Often, 'helping' someone is really hurting them - the more we do for them, the longer it takes for them to learn and grow, which in turn, hurts them. Even a 5 year old can understand and learn why it is important to feed their fish everyday or empty a trash can or clean up their room. A 15 year old can understand and learn how to mow a lawn, get home on time, figure out how to get a ride home from a party and walk the family dog so it doesn't pee on the rug. Everytime we do something for another that they can easily do for themself, we inhibit their own personal growth, we stunt them. Being responsible to others, in my opinion, is a very important lesson to teach our kids.

That said, on the other hand, it's okay to help someone out because we see them working for themself and we want to do something that makes them feel good. In our (CD board) particular kids' case, I think it's a delicate line. While we're trying to teach them to be more independent and concious of other's, we can't always be giving and doing for them. It's essential to their growth, to allow them to fail and fumble their way through things at a certain point.

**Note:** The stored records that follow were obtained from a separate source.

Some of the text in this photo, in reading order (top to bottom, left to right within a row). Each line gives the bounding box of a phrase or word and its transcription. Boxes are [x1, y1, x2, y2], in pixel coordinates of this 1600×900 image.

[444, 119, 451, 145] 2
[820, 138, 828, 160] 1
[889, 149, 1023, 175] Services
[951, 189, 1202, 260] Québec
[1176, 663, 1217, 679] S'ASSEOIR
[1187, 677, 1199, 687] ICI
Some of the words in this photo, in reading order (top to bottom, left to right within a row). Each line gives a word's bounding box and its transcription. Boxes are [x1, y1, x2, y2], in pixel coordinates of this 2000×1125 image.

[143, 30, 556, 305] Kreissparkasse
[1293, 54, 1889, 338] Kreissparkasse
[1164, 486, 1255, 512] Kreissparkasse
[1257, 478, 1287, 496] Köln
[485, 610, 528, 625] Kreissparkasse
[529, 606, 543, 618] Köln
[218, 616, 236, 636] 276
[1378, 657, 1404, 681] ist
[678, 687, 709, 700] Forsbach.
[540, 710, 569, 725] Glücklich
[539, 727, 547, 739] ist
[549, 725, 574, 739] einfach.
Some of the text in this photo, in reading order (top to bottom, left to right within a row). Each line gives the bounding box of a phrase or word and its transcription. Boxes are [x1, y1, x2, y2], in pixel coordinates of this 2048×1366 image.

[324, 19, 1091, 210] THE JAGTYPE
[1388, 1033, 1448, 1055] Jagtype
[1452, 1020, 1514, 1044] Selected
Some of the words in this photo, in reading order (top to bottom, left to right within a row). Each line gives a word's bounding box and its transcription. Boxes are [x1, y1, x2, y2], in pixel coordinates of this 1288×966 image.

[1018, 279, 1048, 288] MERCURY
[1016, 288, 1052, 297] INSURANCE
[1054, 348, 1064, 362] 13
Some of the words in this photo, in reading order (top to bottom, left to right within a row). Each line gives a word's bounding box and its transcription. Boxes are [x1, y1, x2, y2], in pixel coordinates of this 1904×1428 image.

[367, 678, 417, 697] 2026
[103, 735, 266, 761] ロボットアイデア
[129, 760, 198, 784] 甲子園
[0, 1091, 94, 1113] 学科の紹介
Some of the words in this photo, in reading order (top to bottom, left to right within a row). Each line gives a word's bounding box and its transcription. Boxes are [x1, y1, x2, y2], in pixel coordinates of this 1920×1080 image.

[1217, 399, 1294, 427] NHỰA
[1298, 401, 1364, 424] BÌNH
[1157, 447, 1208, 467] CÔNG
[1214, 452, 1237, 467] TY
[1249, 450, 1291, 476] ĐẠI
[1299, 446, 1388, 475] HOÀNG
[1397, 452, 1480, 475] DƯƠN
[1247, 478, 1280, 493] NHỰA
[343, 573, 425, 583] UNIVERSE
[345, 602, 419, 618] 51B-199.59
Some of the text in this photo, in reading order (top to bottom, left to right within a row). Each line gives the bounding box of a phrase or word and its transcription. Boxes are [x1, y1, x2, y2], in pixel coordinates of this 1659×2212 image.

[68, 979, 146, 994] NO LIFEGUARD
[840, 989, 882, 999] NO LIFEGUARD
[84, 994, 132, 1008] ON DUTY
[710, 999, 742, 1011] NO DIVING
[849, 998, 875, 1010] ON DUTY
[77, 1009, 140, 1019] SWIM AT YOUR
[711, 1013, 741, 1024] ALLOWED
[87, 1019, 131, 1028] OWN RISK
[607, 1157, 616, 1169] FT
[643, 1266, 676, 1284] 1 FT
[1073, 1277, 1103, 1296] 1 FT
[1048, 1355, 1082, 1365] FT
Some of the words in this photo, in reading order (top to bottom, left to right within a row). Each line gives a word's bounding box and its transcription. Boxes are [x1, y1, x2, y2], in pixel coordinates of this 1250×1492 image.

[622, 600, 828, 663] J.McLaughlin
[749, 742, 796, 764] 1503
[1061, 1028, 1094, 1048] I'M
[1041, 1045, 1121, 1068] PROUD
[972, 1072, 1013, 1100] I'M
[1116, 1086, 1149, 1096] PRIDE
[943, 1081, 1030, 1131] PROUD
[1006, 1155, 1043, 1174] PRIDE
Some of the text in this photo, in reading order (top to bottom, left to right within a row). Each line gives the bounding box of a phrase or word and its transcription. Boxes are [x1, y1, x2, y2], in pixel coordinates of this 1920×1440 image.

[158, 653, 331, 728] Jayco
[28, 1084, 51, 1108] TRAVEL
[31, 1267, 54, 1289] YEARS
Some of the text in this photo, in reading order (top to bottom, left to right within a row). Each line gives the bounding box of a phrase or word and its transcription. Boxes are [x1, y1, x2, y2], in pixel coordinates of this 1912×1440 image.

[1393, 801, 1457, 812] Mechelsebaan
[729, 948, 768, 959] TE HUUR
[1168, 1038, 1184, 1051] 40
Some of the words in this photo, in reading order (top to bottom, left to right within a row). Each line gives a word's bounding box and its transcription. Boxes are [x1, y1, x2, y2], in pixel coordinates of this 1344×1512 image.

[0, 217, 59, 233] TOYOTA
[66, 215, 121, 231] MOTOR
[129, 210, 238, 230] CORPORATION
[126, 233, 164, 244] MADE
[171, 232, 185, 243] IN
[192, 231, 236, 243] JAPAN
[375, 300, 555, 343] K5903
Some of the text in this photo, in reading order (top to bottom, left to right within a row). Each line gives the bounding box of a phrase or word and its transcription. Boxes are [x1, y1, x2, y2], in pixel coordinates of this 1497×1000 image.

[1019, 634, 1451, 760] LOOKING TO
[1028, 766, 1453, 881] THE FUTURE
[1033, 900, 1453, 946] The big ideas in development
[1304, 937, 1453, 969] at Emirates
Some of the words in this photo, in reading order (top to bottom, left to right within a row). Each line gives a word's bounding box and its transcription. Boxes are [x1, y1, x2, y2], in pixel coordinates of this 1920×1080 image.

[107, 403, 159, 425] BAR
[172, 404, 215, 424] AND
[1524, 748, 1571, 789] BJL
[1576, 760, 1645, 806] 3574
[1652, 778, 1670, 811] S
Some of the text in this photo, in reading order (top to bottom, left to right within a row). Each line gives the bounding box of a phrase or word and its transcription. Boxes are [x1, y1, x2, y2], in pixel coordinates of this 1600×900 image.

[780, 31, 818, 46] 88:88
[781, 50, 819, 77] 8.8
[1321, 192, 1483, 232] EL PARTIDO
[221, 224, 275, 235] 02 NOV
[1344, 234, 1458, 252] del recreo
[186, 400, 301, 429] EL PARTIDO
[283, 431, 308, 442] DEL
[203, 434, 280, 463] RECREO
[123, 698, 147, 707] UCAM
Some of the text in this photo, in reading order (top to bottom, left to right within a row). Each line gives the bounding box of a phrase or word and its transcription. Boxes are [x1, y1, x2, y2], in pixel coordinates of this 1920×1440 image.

I'm just sort of rambling, as with easy child recently moving out, my H is having a hard time, so this topic has been on my brain! H doesn't like her place, he doesn't like her struggling financially, etc. But you know, I'm glad that her landlord's dog is driving her crazy and I'm glad that she has to figure out her finances long term rather than just week to week. I'm glad that she has to learn how to live with others and that everything isn't just there for the taking. If she wants to snack, she will have to make sure there are snacks, etc. This feels right to me. I had to do it when I was 18 - live on my own, support myself and learn how to live independently and be concious of others - live in the real world, you know?

I think that when you're sacrificing parts of yourself for someone who is capable then you're enabling. I agree with toughlovin, definitely. You have to let go of trying to control and if push comes to shove, you need to maintain order and peace in your own home (that may mean she has to leave your home, etc). If she finds gramma to drive her or pick her up, so be it - just don't let it be you - stick to your personal boundaries.
 

hearts and roses

Mind Reader
Just wanted to add: When I began viewing detachment as another form of showing my love for my daughters, it really helped me to detach in a loving way. When I was able to see just how clearly that helping my kids was actually hurting my kids, I was able to let go and let them figure it out for themselves. I'm not perfect about it, but changing the way I viewed things really helped me. And that was the first step for me, personally, in detaching in a loving way. To allow them the space and time to learn from their own natural consequences and figure out how to create a life for themselves was the KEY in showing my love for them...loving them so much that I was not going to push back when they tried to push me. In effect, they stopped rebelling because there was nothing left for them to rebel against, understand?

Finding something to admire in their actions or efforts to become an independent adult - even if they go about it in a way we don't particulary agree with. Let them fumble, but admire their resourcefulness, whether it is in getting rides from gramma or calling a friend, etc.

Of course, this worked for me because my daughters are over 18 and it took a lot of practive and venting (here and with friends!).